Every now and then a long term and frequent visitor of Whistler will grace us with their stories of this valley’s past. Gordon Cameron is one such character. As a young man, Gordon (also known as G.D.) would spend summers at Alta Lake with his family. A few years ago, Gordon wrote two letters to the museum outlining some fascinating stories from his childhood here in Whistler. One story he recalls involves a cougar, a bear, and a boisterous Myrtle Philip.
Alta Lake from Rainbow Lodge, 1944. Photograph by G.D. Cameron. Philip Collection.
Firstly, to paint a better picture of Gordon and Myrtle’s relationship, Gordon explains Myrtle’s unorthodox method of teaching a young G.D. how to ride a horse. Basically, Myrtle tied Gordon’s feet together underneath the horse’s belly and let boy and animal be! The horse reluctantly traipsed around Alta Lake with the boy strapped firmly astride for most of the day, until it finally managed to shake loose the ties and buck the young Gordon into the River of Golden Dreams.
Myrtle with saddle horse and workhorse, ca. 1915. Philip Collection.

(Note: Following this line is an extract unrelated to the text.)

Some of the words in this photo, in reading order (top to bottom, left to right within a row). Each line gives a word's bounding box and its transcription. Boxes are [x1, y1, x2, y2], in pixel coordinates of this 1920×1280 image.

In 1934, a few years after Gordon’s unconventional horseback riding lesson, Gordon and some other boys in the area were recruited by Myrtle to fix a trail that often flooded in high run-off years. The crew got to work slashing the bushes to make the trail wider, while one of the boys held the horses. All of a sudden, one horse bolted; everyone stopped to see what was happening only to observe that just down the trail was a mean looking black bear sniffing the wind. The crew turned to their escape route and had the unpleasant sight of a large tawny cougar stalking towards them. Whilst the boys were scrambling their thoughts into some sort of action, a “whoop and a holler” was heard coming up the trail “in a slightly off-key feminine voice that would have curdled the milk.” Faced with such a vision, the bear took off straight up the mountain and the cougar took one look at the apparition coming charging down the trail and disappeared. Myrtle was so mad, she let off steam in a language that was certainly not “ladies chit-chat.”

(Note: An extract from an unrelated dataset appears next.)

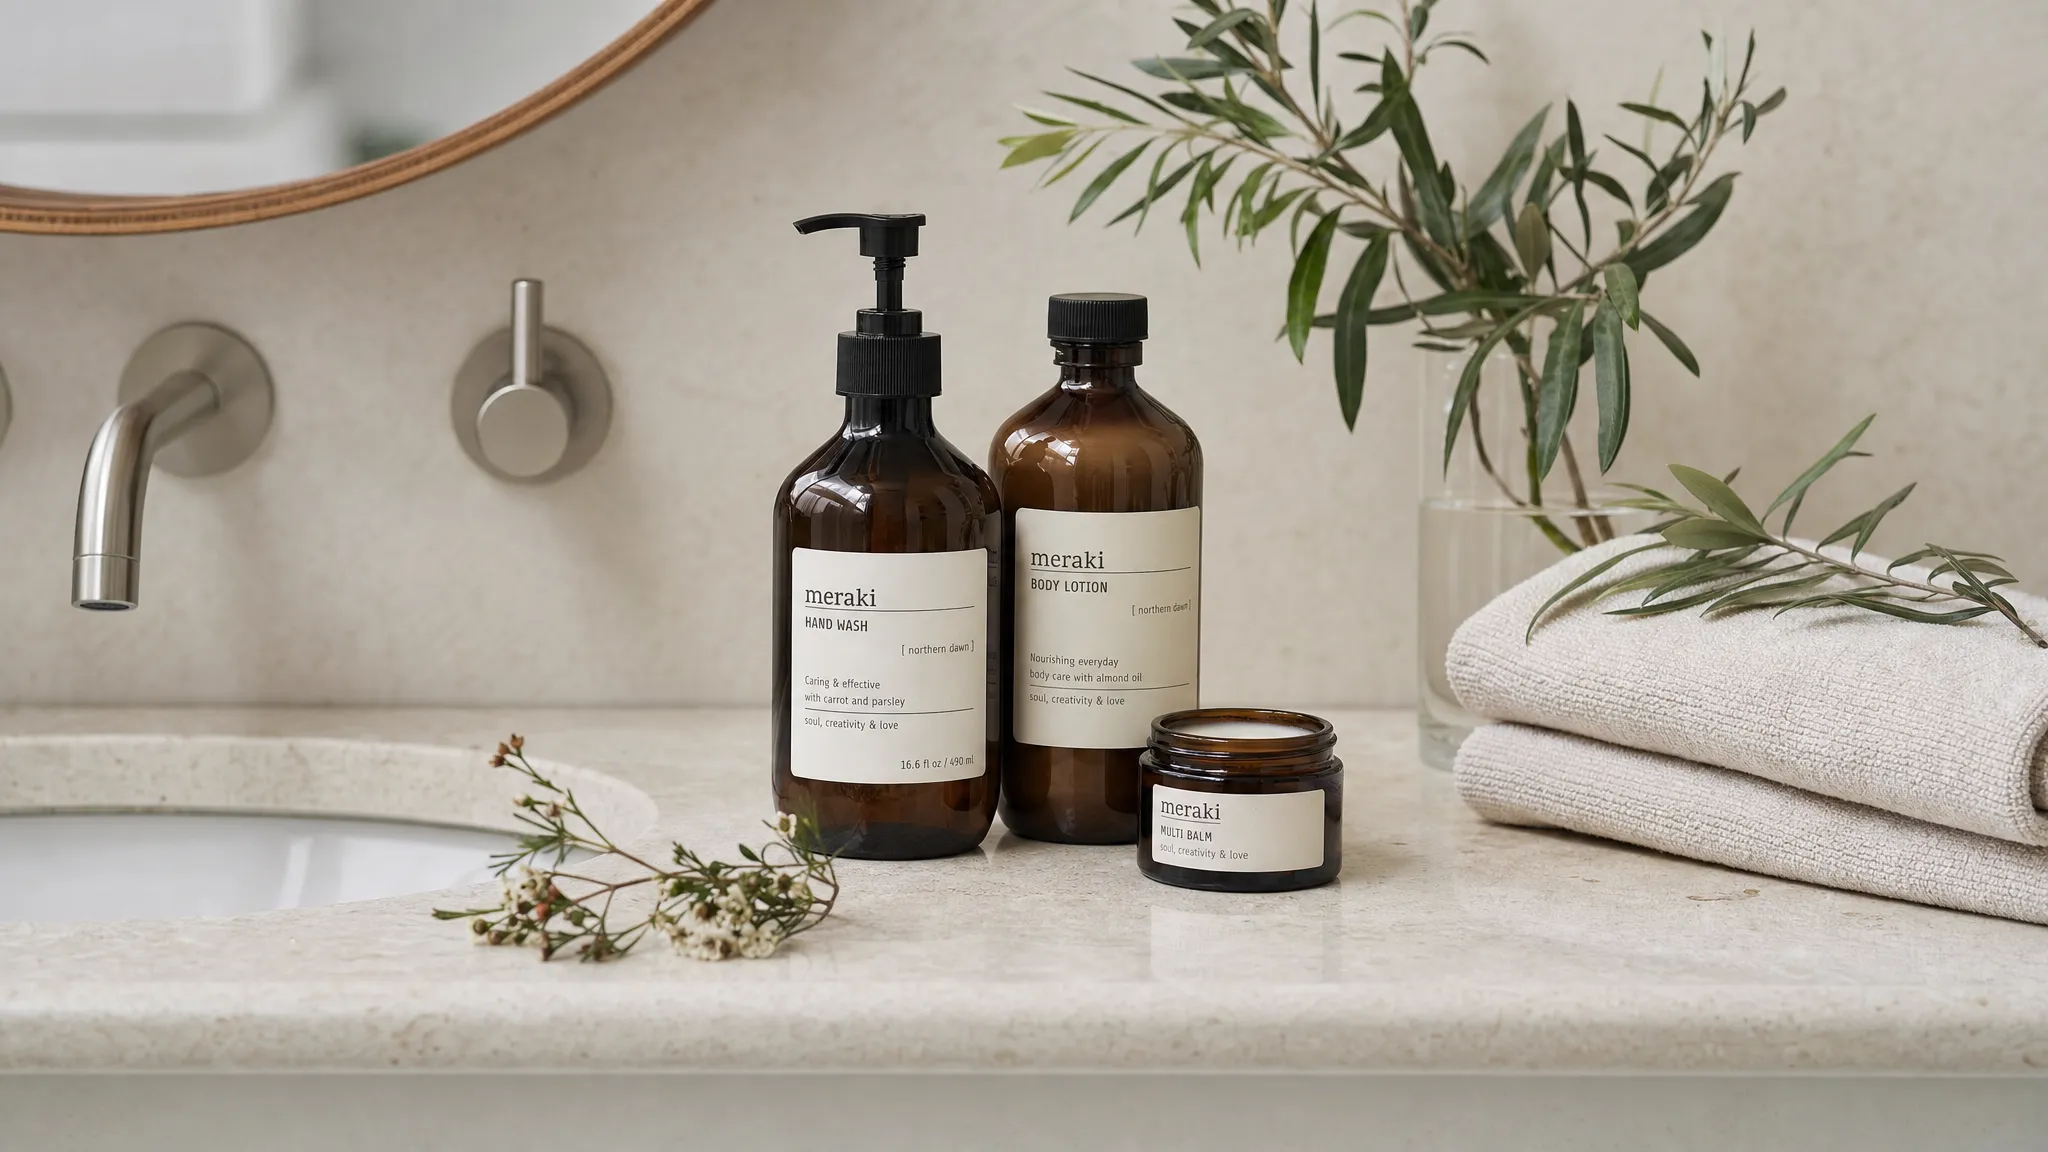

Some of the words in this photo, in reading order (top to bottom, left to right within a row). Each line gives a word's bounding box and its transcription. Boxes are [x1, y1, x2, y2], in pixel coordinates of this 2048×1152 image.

Myrtle on a white horse, ca. 1940. Philip Collection.
As if we didn’t have reason enough to adore Myrtle and her courageous ways!

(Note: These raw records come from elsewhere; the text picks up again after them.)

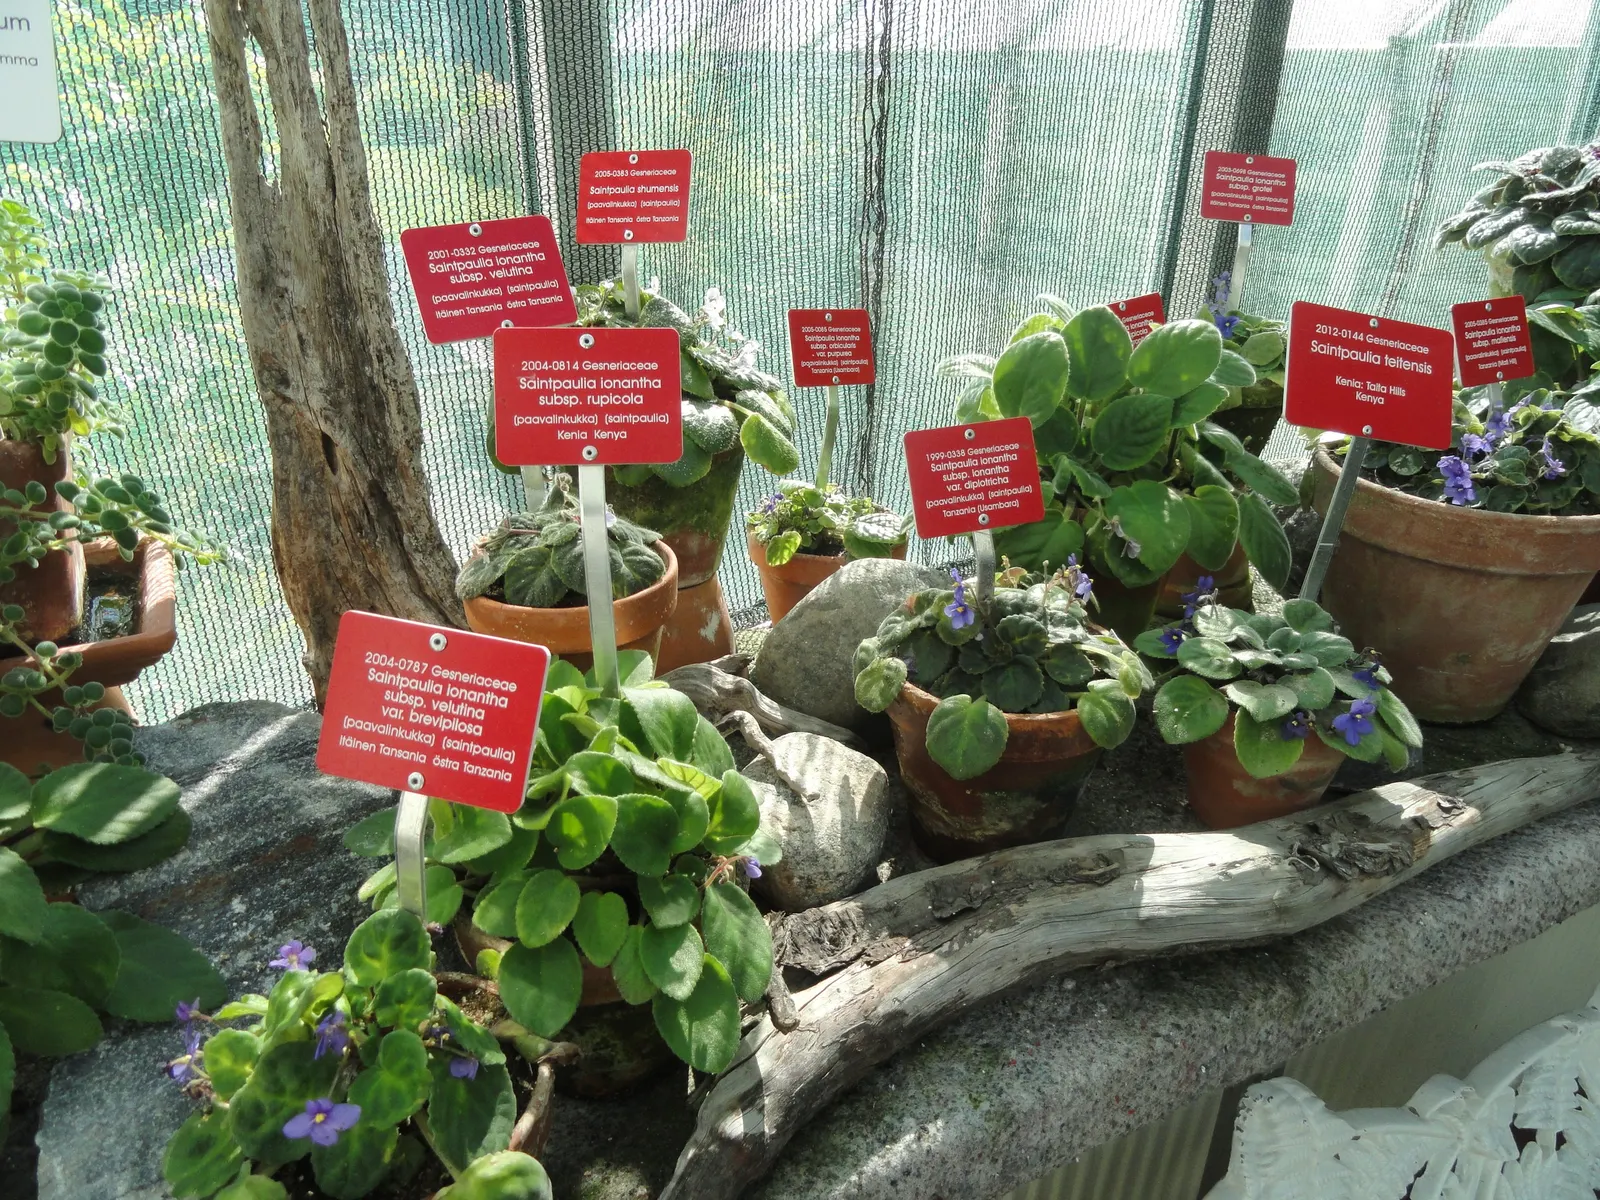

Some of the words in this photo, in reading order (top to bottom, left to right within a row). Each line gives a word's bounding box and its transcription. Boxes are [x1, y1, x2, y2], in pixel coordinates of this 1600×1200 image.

[1216, 173, 1254, 183] Saintpaulia
[1255, 177, 1286, 186] ionantha
[1247, 170, 1285, 178] Gesneriaceae
[590, 186, 635, 195] Saintpaulia
[637, 184, 679, 193] shumensis
[1229, 183, 1250, 191] subsp.
[587, 201, 637, 209] (paavalinkukka)
[641, 200, 680, 208] (saintpaulia)
[1211, 191, 1253, 200] (paavalinkukka)
[1256, 196, 1288, 204] (saintpaulia)
[427, 247, 476, 260] 2001-0332
[478, 241, 540, 254] Gesneriaceae
[429, 258, 493, 274] Saintpaulia
[496, 252, 546, 265] ionantha
[450, 272, 486, 284] subsp.
[490, 266, 533, 279] velutina
[432, 287, 502, 304] (paavalinkukka)
[507, 280, 559, 294] (saintpaulia)
[435, 309, 465, 318] Itäinen
[467, 303, 502, 315] Tansania
[507, 300, 526, 309] östra
[528, 295, 563, 306] Tanzania
[1122, 311, 1154, 323] Gesneriaceae
[1488, 316, 1518, 324] Gesneriaceae
[1131, 328, 1148, 338] picola
[1315, 324, 1364, 341] 2012-0144
[1366, 334, 1429, 355] Gesneriaceae
[1465, 328, 1495, 339] Saintpaulia
[1497, 325, 1521, 334] ionantha
[1473, 340, 1490, 348] subsp.
[1501, 346, 1526, 355] (saintpaulia)
[1311, 340, 1381, 365] Saintpaulia
[1384, 355, 1432, 374] teitensis
[522, 361, 579, 371] 2004-0814
[582, 361, 658, 370] Gesneriaceae
[520, 377, 596, 391] Saintpaulia
[601, 377, 661, 389] ionantha
[1335, 376, 1364, 389] Kenia:
[1366, 381, 1387, 393] Taita
[1390, 386, 1406, 396] Hills
[539, 394, 582, 407] subsp.
[587, 393, 644, 406] rupicola
[1355, 392, 1384, 405] Kenya
[514, 415, 598, 426] (paavalinkukka)
[605, 414, 669, 425] (saintpaulia)
[557, 430, 587, 440] Kenia
[594, 430, 627, 440] Kenya
[926, 450, 965, 461] 1999-0338
[967, 443, 1019, 455] Gesneriaceae
[931, 458, 978, 472] Saintpaulia
[980, 453, 1017, 464] ionantha
[943, 472, 970, 482] subsp.
[972, 465, 1009, 477] ionantha
[947, 483, 962, 492] var.
[964, 476, 1009, 489] diplotricha
[926, 492, 984, 508] (paavalinkukka)
[988, 485, 1032, 499] (saintpaulia)
[943, 506, 976, 517] Tanzania
[978, 499, 1019, 513] (Usambara)
[365, 652, 429, 674] 2004-0787
[431, 665, 517, 693] Gesneriaceae
[368, 668, 443, 695] Saintpaulia
[446, 685, 508, 709] ionantha
[384, 689, 427, 709] subsp.
[431, 700, 485, 720] velutina
[381, 705, 405, 720] var.
[409, 708, 483, 737] brevipilosa
[343, 715, 435, 748] (paavalinkukka)
[442, 736, 516, 764] (saintpaulia)
[339, 735, 376, 753] Itäinen
[379, 743, 427, 764] Tansania
[432, 755, 460, 771] östra
[463, 761, 512, 782] Tanzania

It’s always nice when you come across a story in the archives that shows you how human nature doesn’t change despite the passing of the years. When we came across this tale of teenage humiliation recently, it felt like it could have happened yesterday. A letter from Gordon Cameron outlines his moment of shame, brought on by that eternal bringer of teenage blushes – his mother.
The venue of the incident was the Alta Lake Hotel. This establishment was burnt down in an accidental fire in 1933, but before that time it was situated on the southwest shore of Alta Lake.
Alta Lake Hotel in its heyday.
When the Cameron family stayed at the Alta Lake Hotel it had seen better days. Gordon writes: “every time you slammed the door to your room, there was a cloud of moths that flew all over the room”. Despite the run-down conditions and despite being out the middle of the backwoods (as Whistler was in those days), Gordon’s mother wished her son to be smartly dressed on his vacation. I will leave Gordon to describe what happened next in his own words. “Nothing would do but be attired in white shirt, white pants, white socks and white tennis shoes. Now, the picture was simply this: here was almost everyone else attired in anything that did not find itself into the rag bag, and out of nowhere arrives this veritable vision in white.” Gordon’s entrance into the dining room was met with gales of laughter from everyone present. One of the other guests acted out a “stage-door swoon” much to the amusement of all but poor Gordon, who was naturally mortified. “I was so embarrassed that I scuttled back into the room, and donned some rough-and-tumbles. When I arrived back on the scene, the hooting was louder, my mother glowered at me all through dinner; my dad has a smirk that would not wipe off.”
Poor Gordon! At least he could laugh about it decades later when he wrote to the Whistler Museum. It certainly goes to show that when it comes to teenagers being embarrassed by their parents, some things never change!